For the attention of
Anyone who’s interested.
Structure
1.
2.
3.
4.
5.
6.
Background
User stories and user research
The demonstrator
Future plans
Further reading and viewing
Glossary
1. Background
Beginning in May of 2011, members of the Web Team, Cochrane Editorial Unit (CEU), IMS
Team, Wiley and consultants from Ontoba held the first meeting to explore the use of
semantic web technologies to enable more dynamic use of Cochrane content both within The
Cochrane Library and to allow Cochrane to connect to the “web of data” and forge potential
partnerships with those working in this new, online and technological context. Originally
dubbed the “Star Trek” project, due to its futuristic thinking, the project progressed
throughout the remainder of 2011 and in to 2012 mainly focusing on showing proof-ofconcept through an initial set of use cases. Then, from March 2012, the project entered its
second phase and became, officially, the Cochrane Linked Data project.
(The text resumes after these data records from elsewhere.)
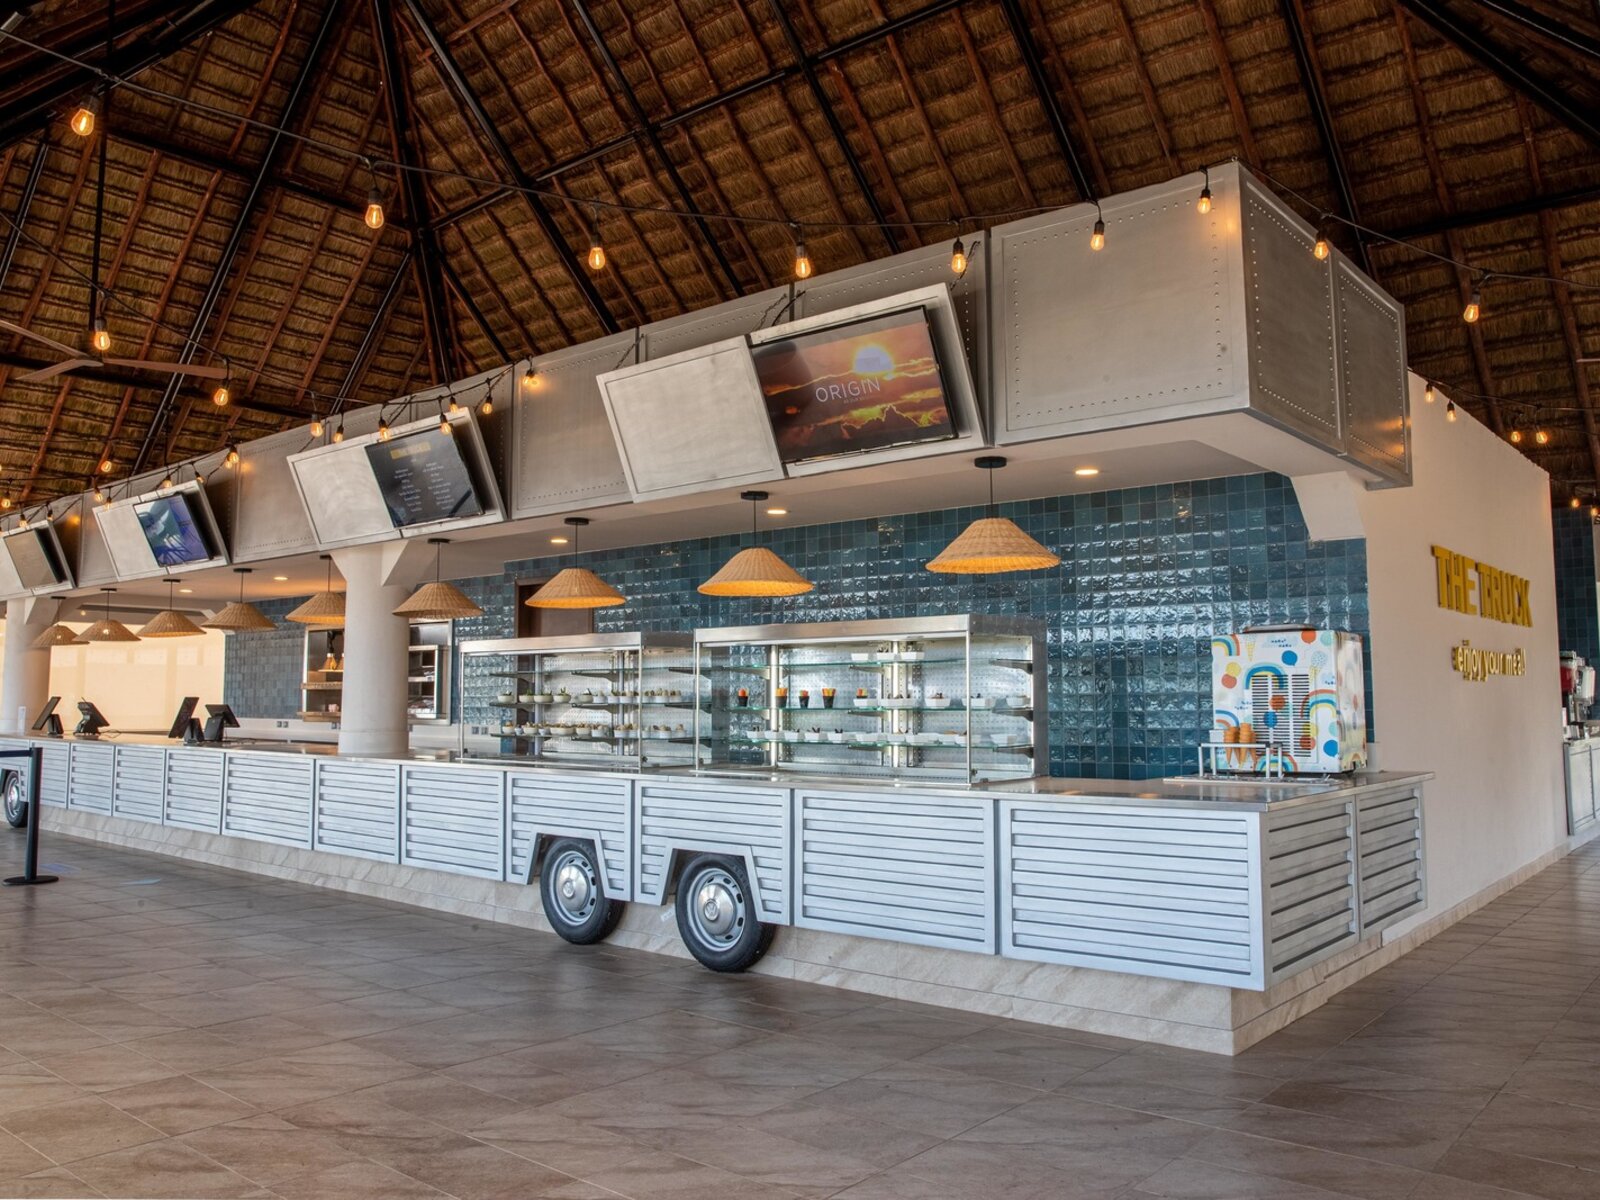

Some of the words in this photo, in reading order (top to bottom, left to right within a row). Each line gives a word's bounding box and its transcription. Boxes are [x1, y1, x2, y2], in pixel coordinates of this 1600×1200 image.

[815, 376, 881, 403] ORIGIN
[1430, 545, 1477, 616] THE
[1475, 562, 1533, 628] TRUCK
[1451, 639, 1482, 682] enjoy
[1480, 650, 1504, 682] your
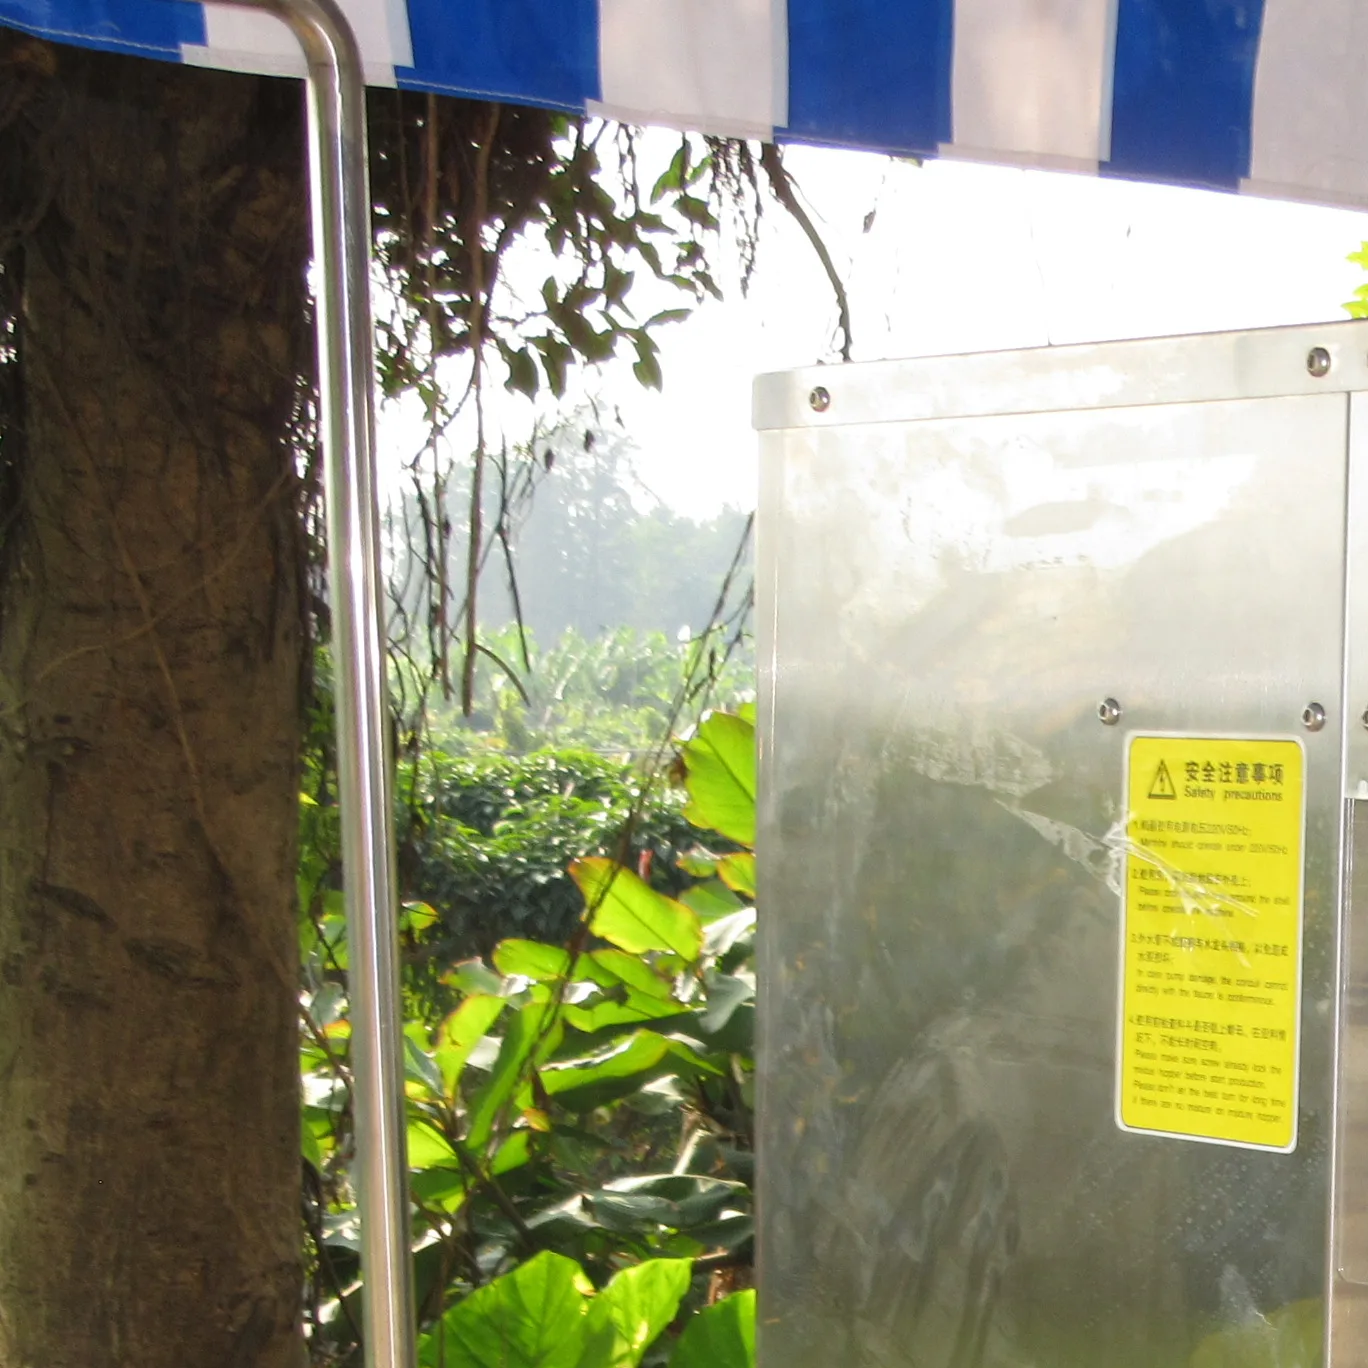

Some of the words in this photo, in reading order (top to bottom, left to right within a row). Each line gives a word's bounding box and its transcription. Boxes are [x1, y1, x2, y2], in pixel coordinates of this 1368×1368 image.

[1184, 760, 1284, 785] 安全注意事项
[1184, 785, 1215, 801] Safety
[1223, 788, 1283, 802] precautions
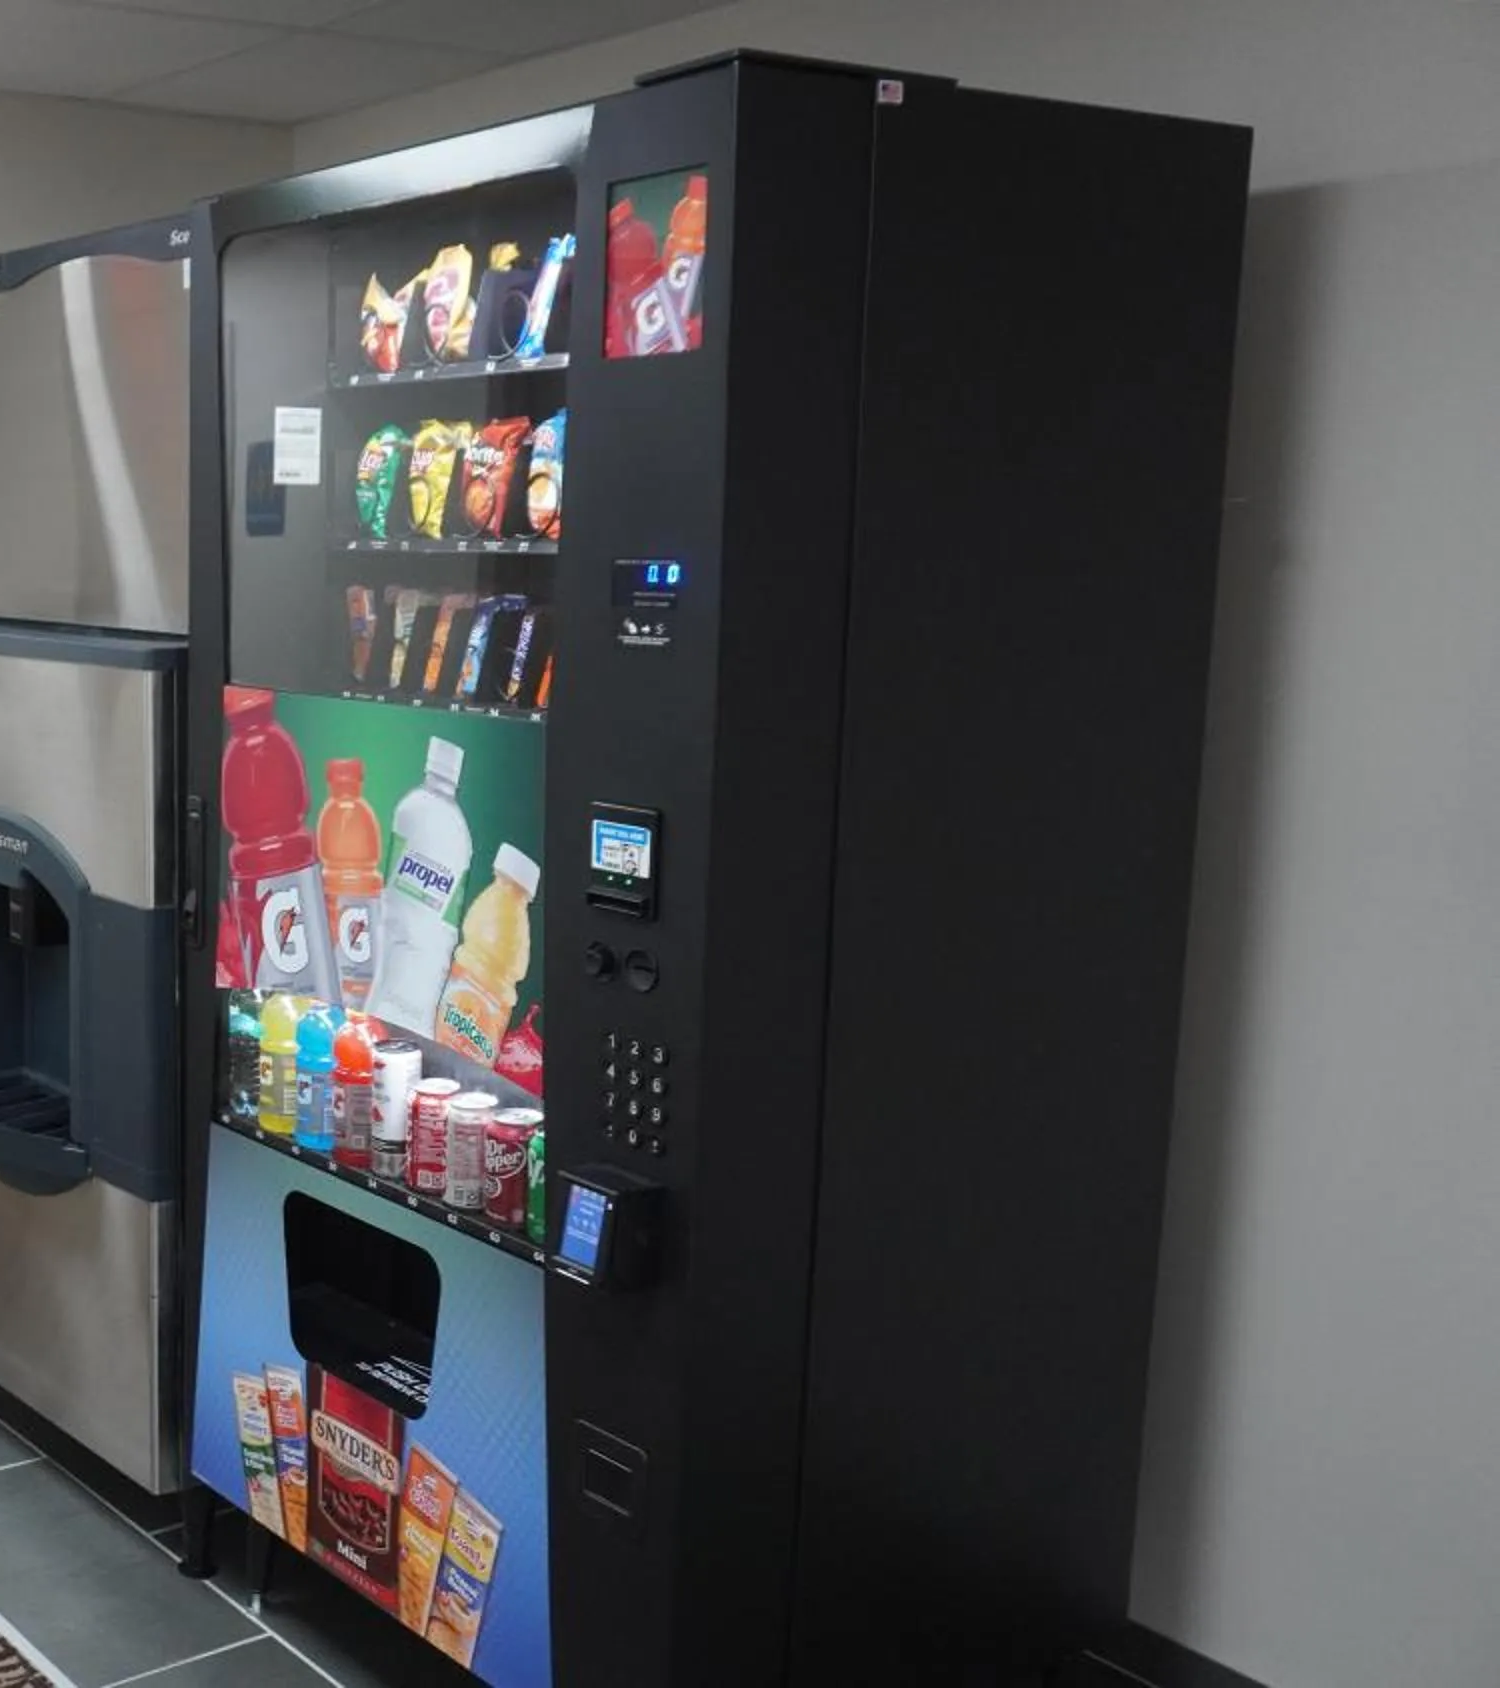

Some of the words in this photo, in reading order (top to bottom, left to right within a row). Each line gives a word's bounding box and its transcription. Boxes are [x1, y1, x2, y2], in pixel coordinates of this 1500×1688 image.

[398, 856, 454, 895] propel
[262, 887, 309, 974] G
[339, 907, 371, 963] G
[631, 1041, 639, 1055] 2
[653, 1047, 663, 1063] 3
[606, 1063, 615, 1078] 4
[652, 1107, 661, 1122] 9
[486, 1139, 506, 1155] Dr
[629, 1129, 637, 1144] 0
[315, 1415, 395, 1481] SNYDER'S
[337, 1539, 367, 1571] Mini
The original thinking and impetus behind this project grew out of the both developments on
the web in the area of linking data and injecting “meaning” and structure into content as well
as the reports from our various users via research done by Wiley and others that our users
would like to see other views of our content. “Thinking outside the container of the Review”,
the full-text PDF presentation that is our current standard, thus became the task. This
required “interrogating” our currently RevMan XML structure and to look out how this
structure could be improved or augmented to support doing interesting things with the
content such as providing new ways to browse and search the content and re-package it for
various users in various contexts.
Cochrane Reviews are great, but…

There are problems that limit their use by some people

Difficult to wade through all of the text

Difficult to understand the figures, terminology, and other bits of the Review

Hard to compare interventions without reading multiple Reviews

Moving from studies in CENTRAL to Reviews that included that study difficult

Can be difficult to find the Review you seek
Linked data, semantic web and Cochrane: The basics
The linked data approach allows the possibility for a machine (i.e. a computer program) to
“read” (really query) a web page or set of pages and return specific portions of interest to
the user. For example, a semantic web standard called “GoodRelations” using linked data
markup to enrich search results so that product details can be extracted and presented in
search results including photos, price, user reviews and ratings and other information that
the user can use to make their purchasing decision. Another example relates to display of
recipes in Google and other search engines. Display of recipe results in Google is also being
enhanced by linked data markup, for example. Google “New York Cheesecake recipe” and
you can see below that a photo, rating and preview of results appear:
But…




Machines aren‘t good at reading web pages because…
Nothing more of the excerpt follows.